Exercise:
Please return the listing below word for word, minus its pictures.

Working data:
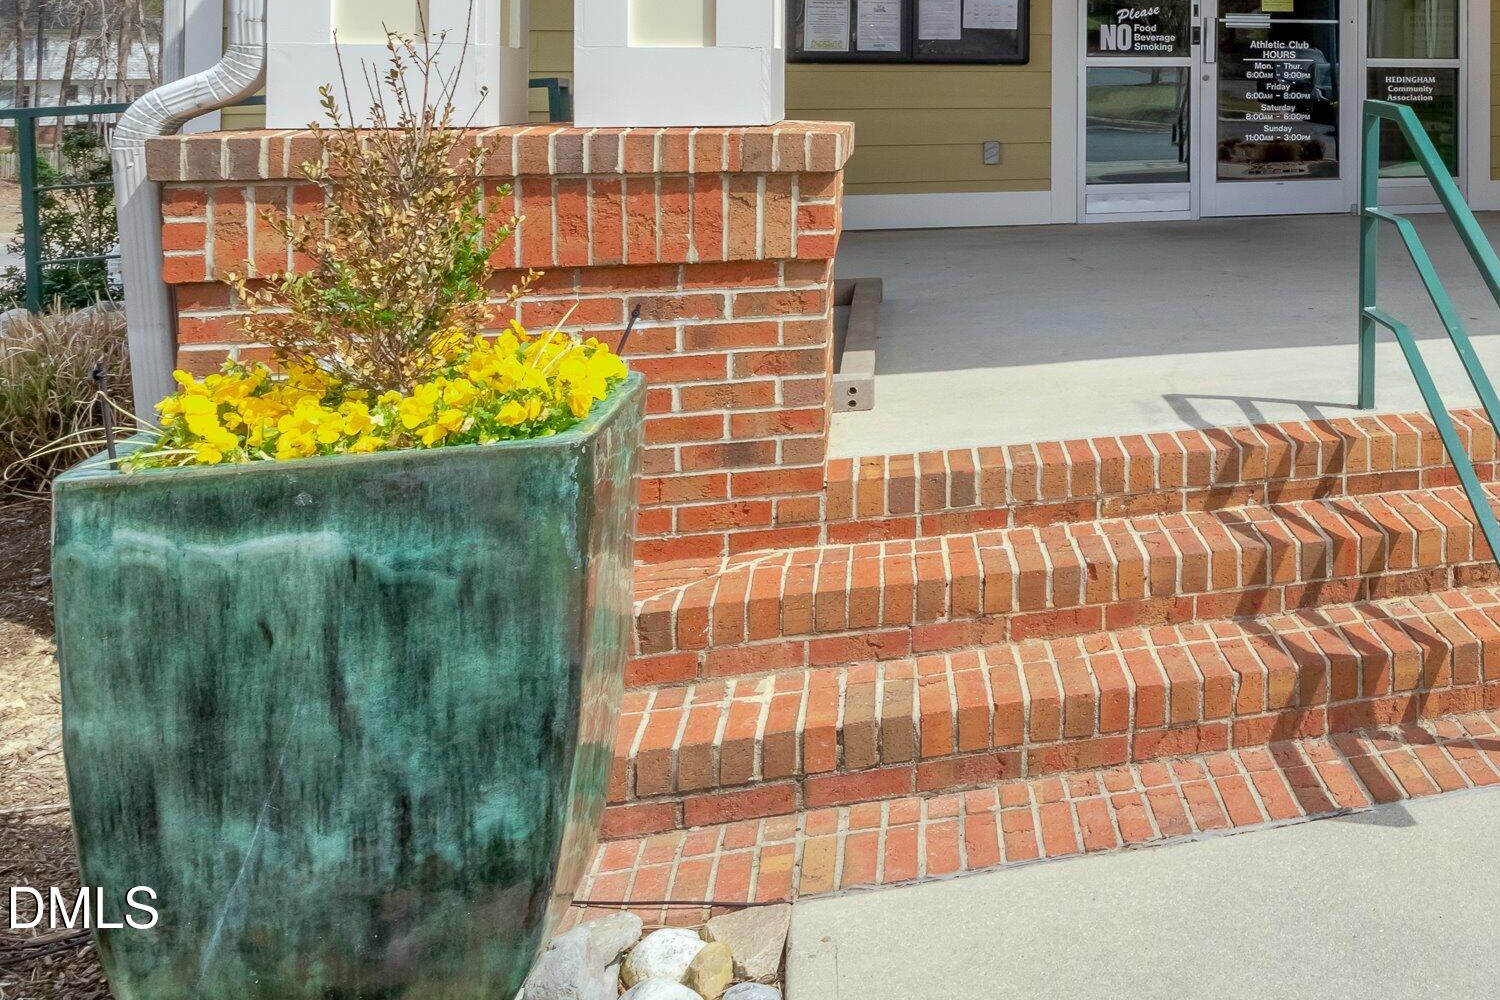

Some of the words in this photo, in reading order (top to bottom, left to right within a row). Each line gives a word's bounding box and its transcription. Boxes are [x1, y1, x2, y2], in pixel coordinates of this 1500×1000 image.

[1116, 6, 1160, 24] Please
[1133, 24, 1157, 32] Food
[1100, 23, 1133, 51] NO
[1133, 33, 1176, 43] Beverage
[1134, 43, 1173, 53] Smoking
[1250, 40, 1285, 49] Athletic
[1288, 40, 1310, 49] Club
[1262, 50, 1296, 59] HOURS
[1254, 62, 1274, 70] Mon.
[1284, 62, 1303, 70] Thur.
[1246, 71, 1274, 79] 6:00AM
[1283, 71, 1311, 79] 9:00PM
[1266, 82, 1291, 91] Friday
[1387, 84, 1434, 94] Community
[1245, 91, 1273, 100] 6:00AM
[1283, 92, 1311, 100] 8:00PM
[1260, 103, 1296, 112] Saturday
[1263, 124, 1293, 133] Sunday
[1245, 133, 1274, 141] 11:00AM
[1283, 133, 1311, 141] 3:00PM
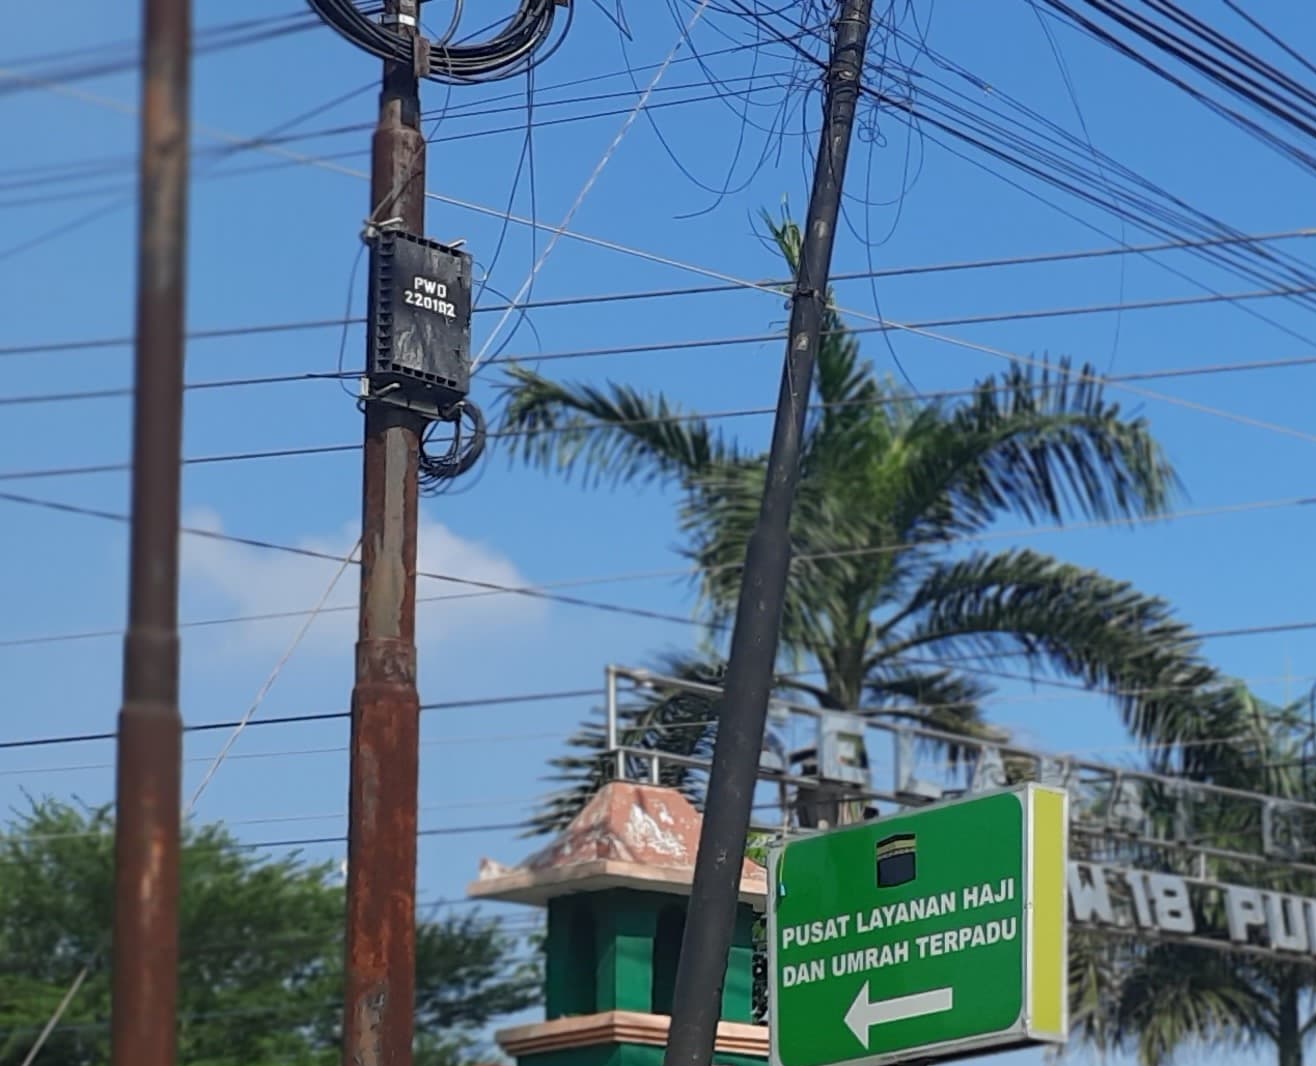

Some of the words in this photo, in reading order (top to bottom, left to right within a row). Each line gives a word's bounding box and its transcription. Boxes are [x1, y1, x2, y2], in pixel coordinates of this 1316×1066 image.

[782, 915, 850, 949] PUSAT
[856, 892, 956, 934] LAYANAN
[963, 878, 1014, 910] HAJI
[783, 959, 825, 987] DAN
[832, 942, 909, 977] UMRAH
[916, 917, 1017, 958] TERPADU
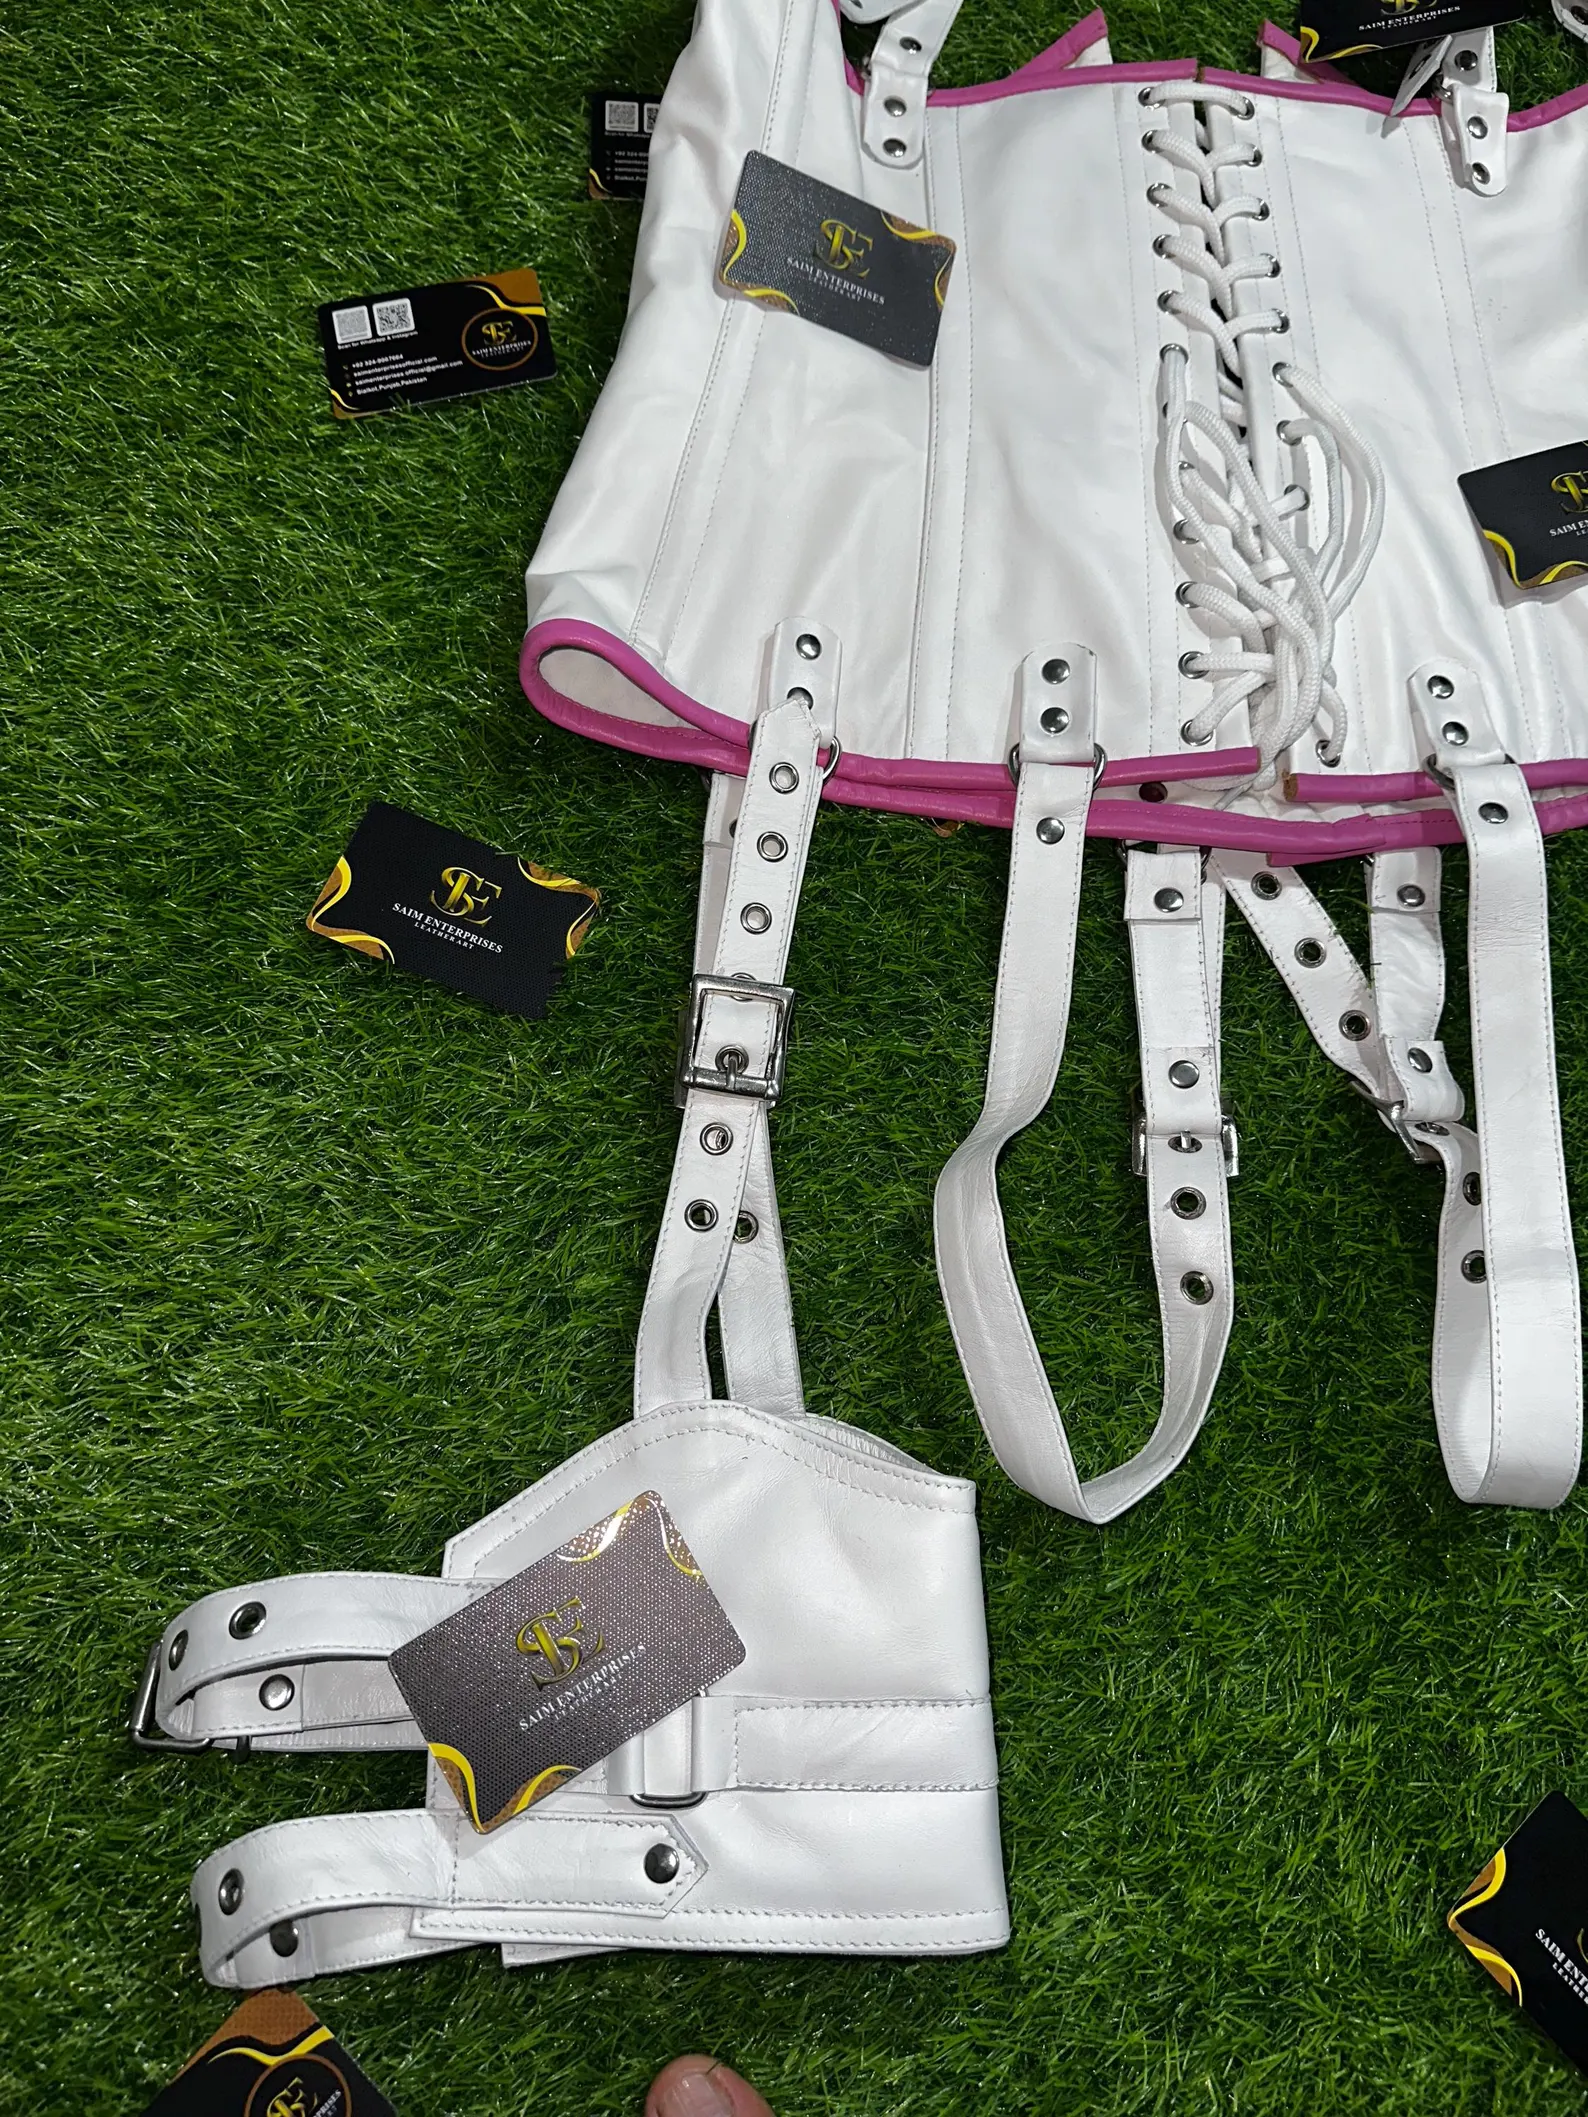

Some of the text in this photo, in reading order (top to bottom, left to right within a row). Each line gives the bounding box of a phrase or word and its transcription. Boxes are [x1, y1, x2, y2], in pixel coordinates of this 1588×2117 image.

[1358, 21, 1385, 31] SAIM
[1388, 6, 1460, 25] ENTERPRISES
[787, 257, 885, 305] SAIM ENTERPRISES
[1549, 523, 1577, 537] SAIM
[392, 902, 503, 954] SAIM ENTERPRISES
[518, 1643, 647, 1732] SAIM ENTERPRISES
[1535, 1928, 1566, 1963] SAIM
[313, 2089, 342, 2117] PRISES

Answer:
Some of the words in this photo, in reading order (top to bottom, left to right within a row). Each line gives a word's bounding box and its transcription. Boxes are [x1, y1, x2, y2], in pixel coordinates of this 1500×1000 image.

[1116, 6, 1160, 24] Please
[1133, 24, 1157, 32] Food
[1100, 23, 1133, 51] NO
[1133, 33, 1176, 43] Beverage
[1134, 43, 1173, 53] Smoking
[1250, 40, 1285, 49] Athletic
[1288, 40, 1310, 49] Club
[1262, 50, 1296, 59] HOURS
[1254, 62, 1274, 70] Mon.
[1284, 62, 1303, 70] Thur.
[1246, 71, 1274, 79] 6:00AM
[1283, 71, 1311, 79] 9:00PM
[1266, 82, 1291, 91] Friday
[1387, 84, 1434, 94] Community
[1245, 91, 1273, 100] 6:00AM
[1283, 92, 1311, 100] 8:00PM
[1260, 103, 1296, 112] Saturday
[1263, 124, 1293, 133] Sunday
[1245, 133, 1274, 141] 11:00AM
[1283, 133, 1311, 141] 3:00PM

Some of the words in this photo, in reading order (top to bottom, left to right within a row). Each line gives a word's bounding box and its transcription. Boxes are [x1, y1, x2, y2], in pixel coordinates of this 1316×1066 image.

[782, 915, 850, 949] PUSAT
[856, 892, 956, 934] LAYANAN
[963, 878, 1014, 910] HAJI
[783, 959, 825, 987] DAN
[832, 942, 909, 977] UMRAH
[916, 917, 1017, 958] TERPADU

Some of the text in this photo, in reading order (top to bottom, left to right within a row). Each line gives the bounding box of a phrase or word and its transcription. Boxes are [x1, y1, x2, y2], in pixel coordinates of this 1588×2117 image.

[1358, 21, 1385, 31] SAIM
[1388, 6, 1460, 25] ENTERPRISES
[787, 257, 885, 305] SAIM ENTERPRISES
[1549, 523, 1577, 537] SAIM
[392, 902, 503, 954] SAIM ENTERPRISES
[518, 1643, 647, 1732] SAIM ENTERPRISES
[1535, 1928, 1566, 1963] SAIM
[313, 2089, 342, 2117] PRISES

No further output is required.